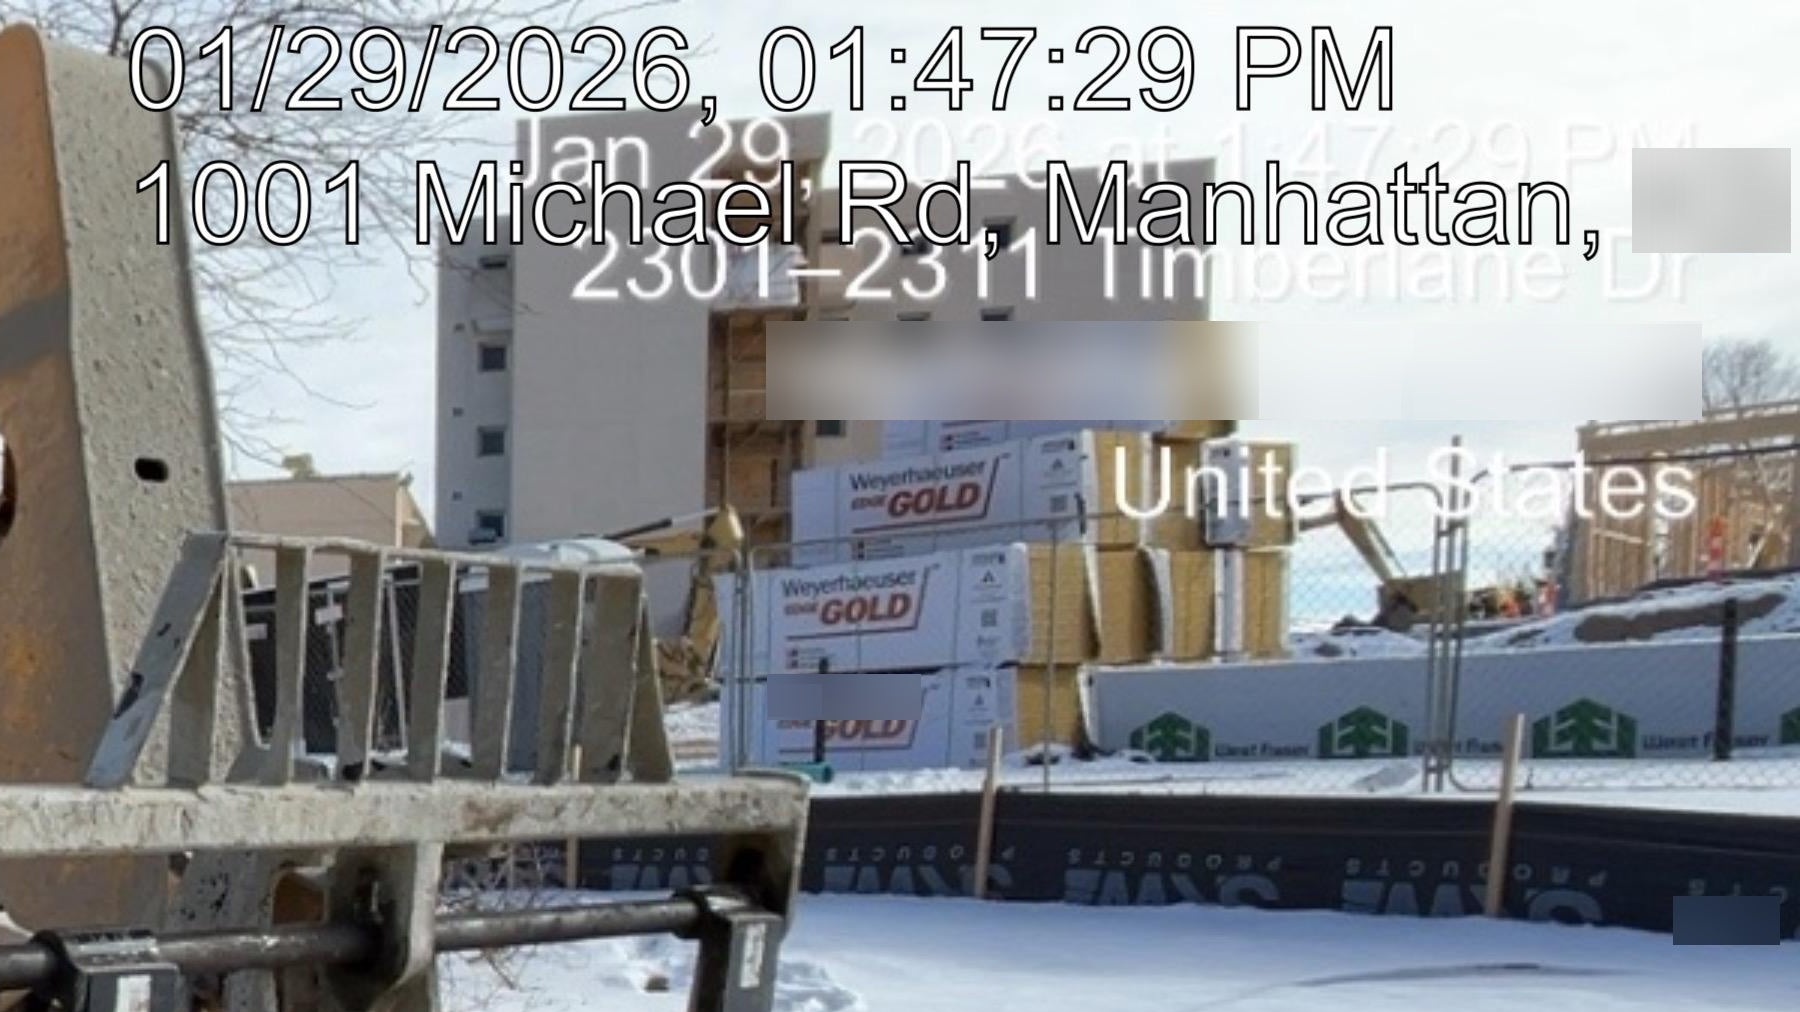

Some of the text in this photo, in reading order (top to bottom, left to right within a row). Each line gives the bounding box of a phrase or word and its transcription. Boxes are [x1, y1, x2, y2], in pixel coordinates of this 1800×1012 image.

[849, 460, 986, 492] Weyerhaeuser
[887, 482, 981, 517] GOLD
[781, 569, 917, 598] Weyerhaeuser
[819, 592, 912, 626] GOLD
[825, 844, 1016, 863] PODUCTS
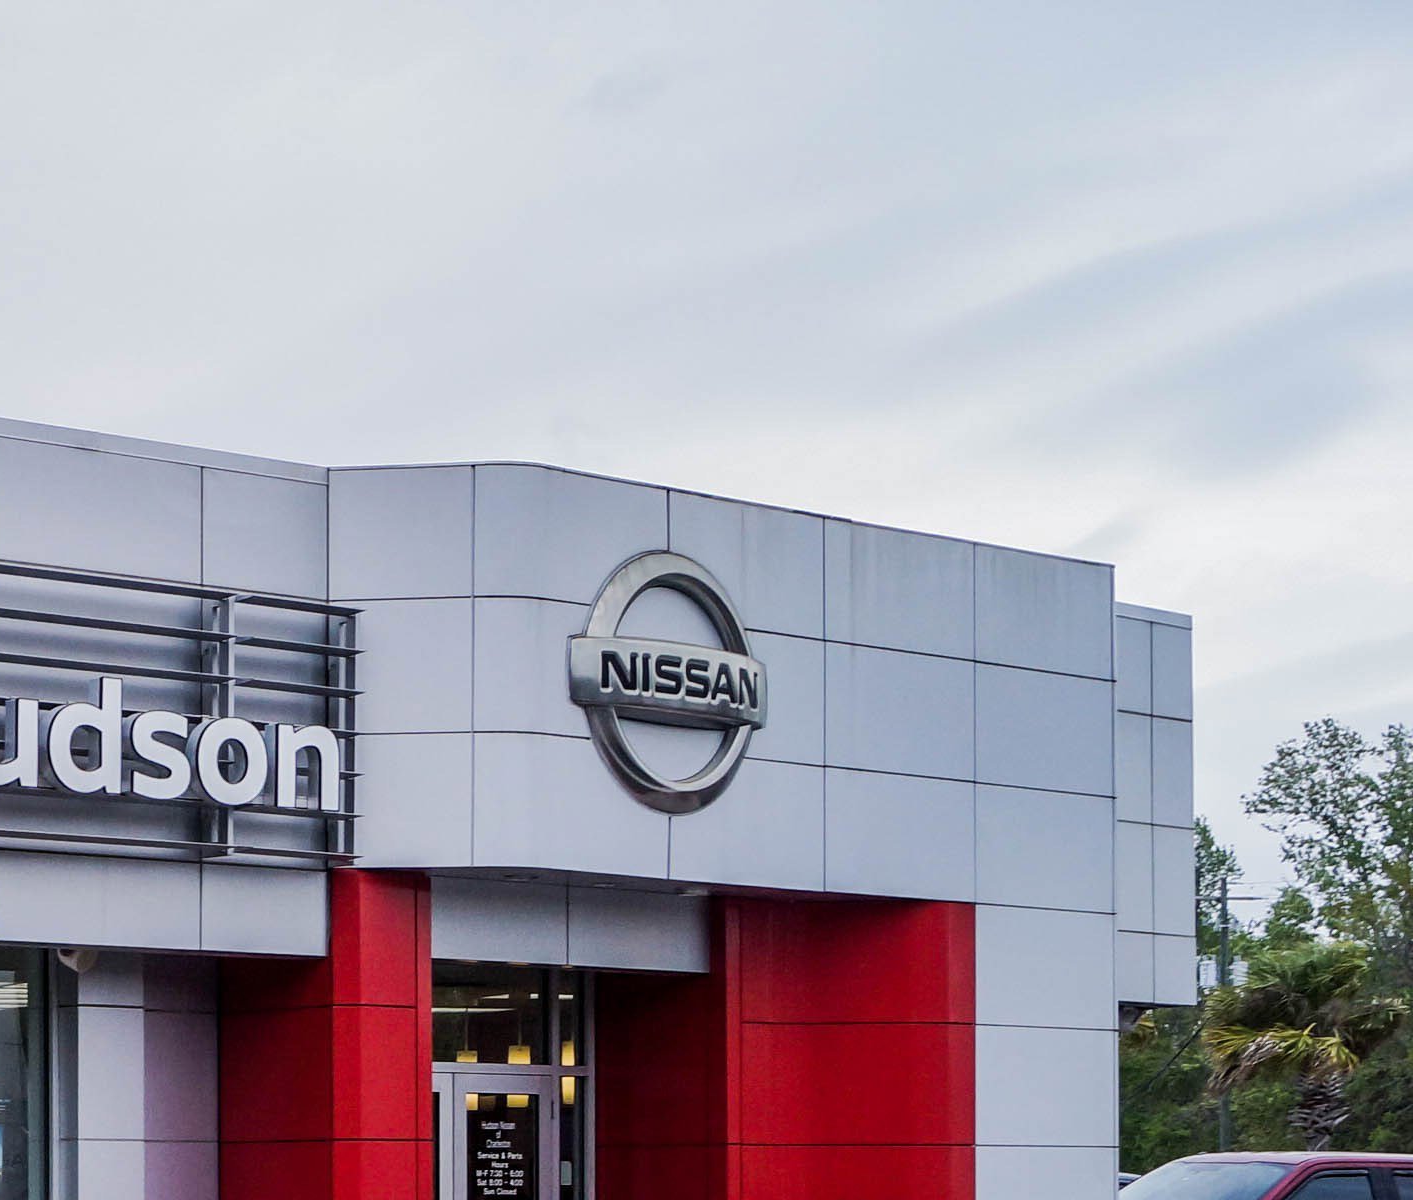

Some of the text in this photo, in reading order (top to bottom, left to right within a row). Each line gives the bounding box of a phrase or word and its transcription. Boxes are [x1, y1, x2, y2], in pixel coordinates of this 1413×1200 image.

* **Problem to solve**
Leave out the pictures and retype the rest of the entries exactly.

* **Task result**
Some of the text in this photo, in reading order (top to bottom, left to right within a row). Each line gives the bounding box of a phrase or word and its transcription. Boxes are [x1, y1, x2, y2], in pixel coordinates of this 1800×1012 image.

[849, 460, 986, 492] Weyerhaeuser
[887, 482, 981, 517] GOLD
[781, 569, 917, 598] Weyerhaeuser
[819, 592, 912, 626] GOLD
[825, 844, 1016, 863] PODUCTS

Some of the text in this photo, in reading order (top to bottom, left to right within a row). Each line gives the bounding box of a phrase or word and its transcription. Boxes are [x1, y1, x2, y2], in pixel coordinates of this 1413×1200 image.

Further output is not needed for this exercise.